■ **Your instructions**: Leaving out all pictures, retype the records exactly.

-------- Information --------

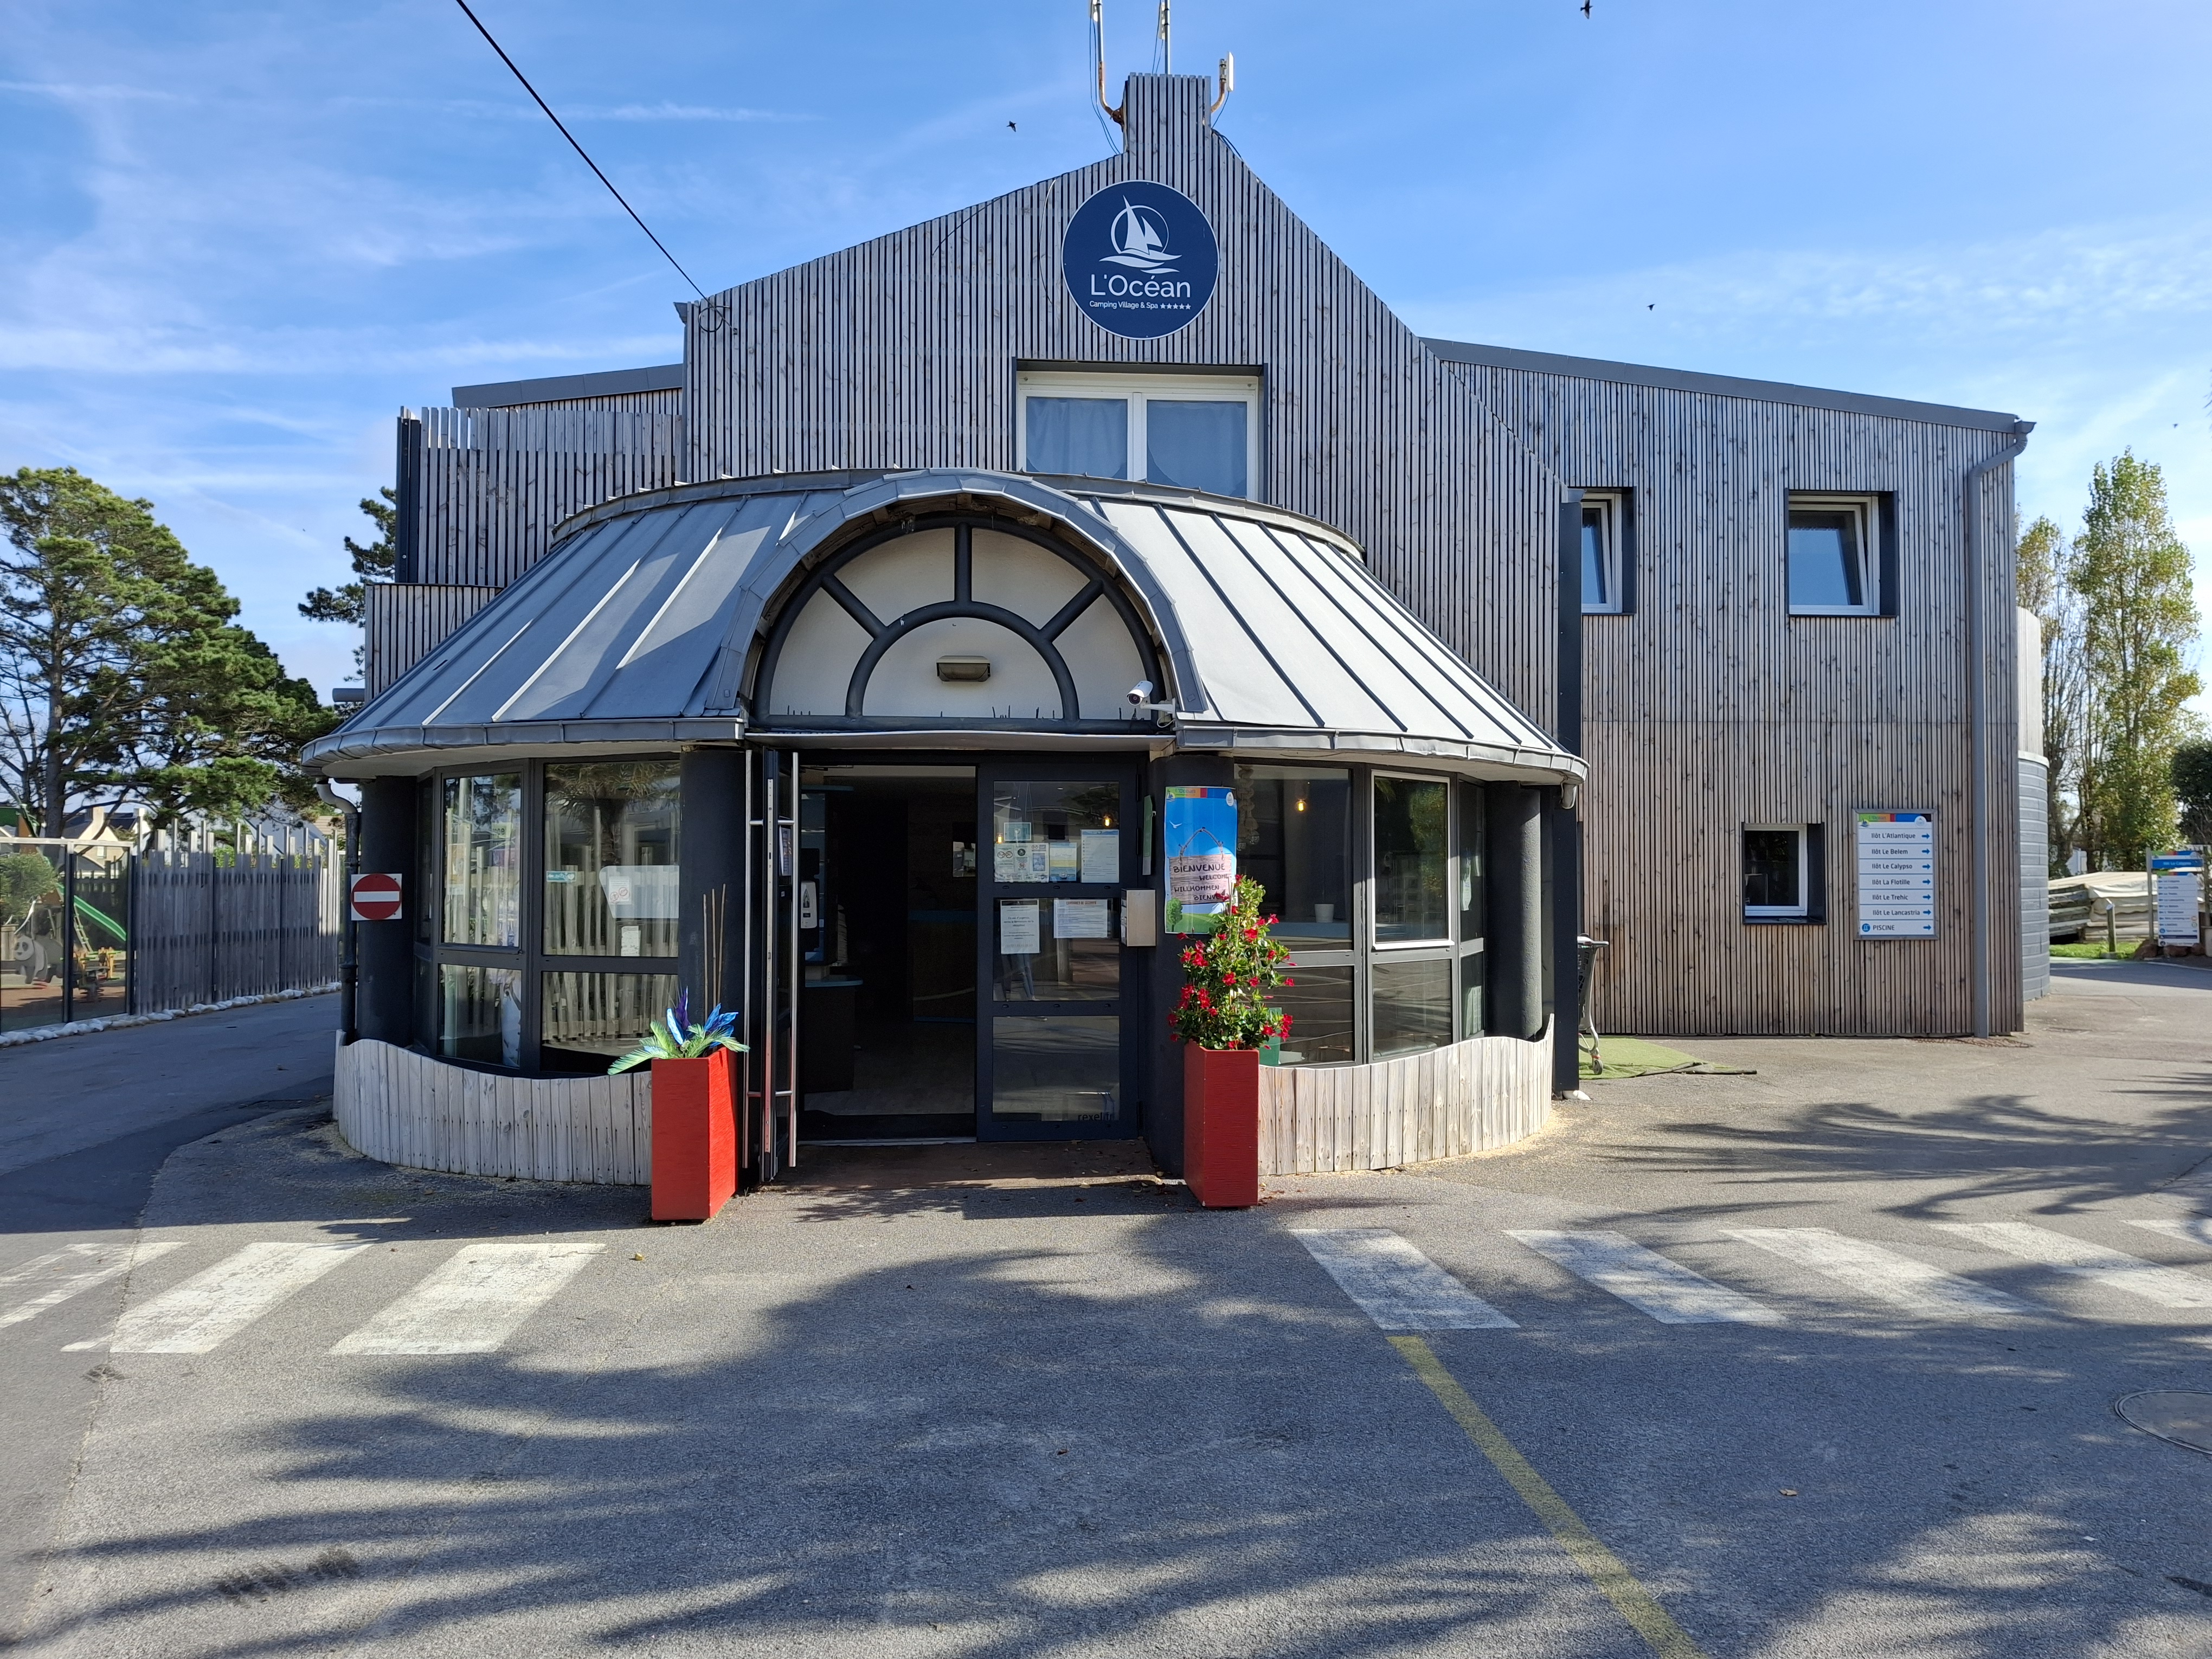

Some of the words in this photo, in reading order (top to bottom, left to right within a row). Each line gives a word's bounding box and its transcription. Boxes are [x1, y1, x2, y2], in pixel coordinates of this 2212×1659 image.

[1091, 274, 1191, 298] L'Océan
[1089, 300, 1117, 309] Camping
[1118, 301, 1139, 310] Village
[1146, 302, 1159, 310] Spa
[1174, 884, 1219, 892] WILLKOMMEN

--------

■ **Response below**:
Some of the words in this photo, in reading order (top to bottom, left to right within a row). Each line gives a word's bounding box and its transcription. Boxes are [x1, y1, x2, y2], in pixel coordinates of this 2212×1659 image.

[1091, 274, 1191, 298] L'Océan
[1089, 300, 1117, 309] Camping
[1118, 301, 1139, 310] Village
[1146, 302, 1159, 310] Spa
[1174, 884, 1219, 892] WILLKOMMEN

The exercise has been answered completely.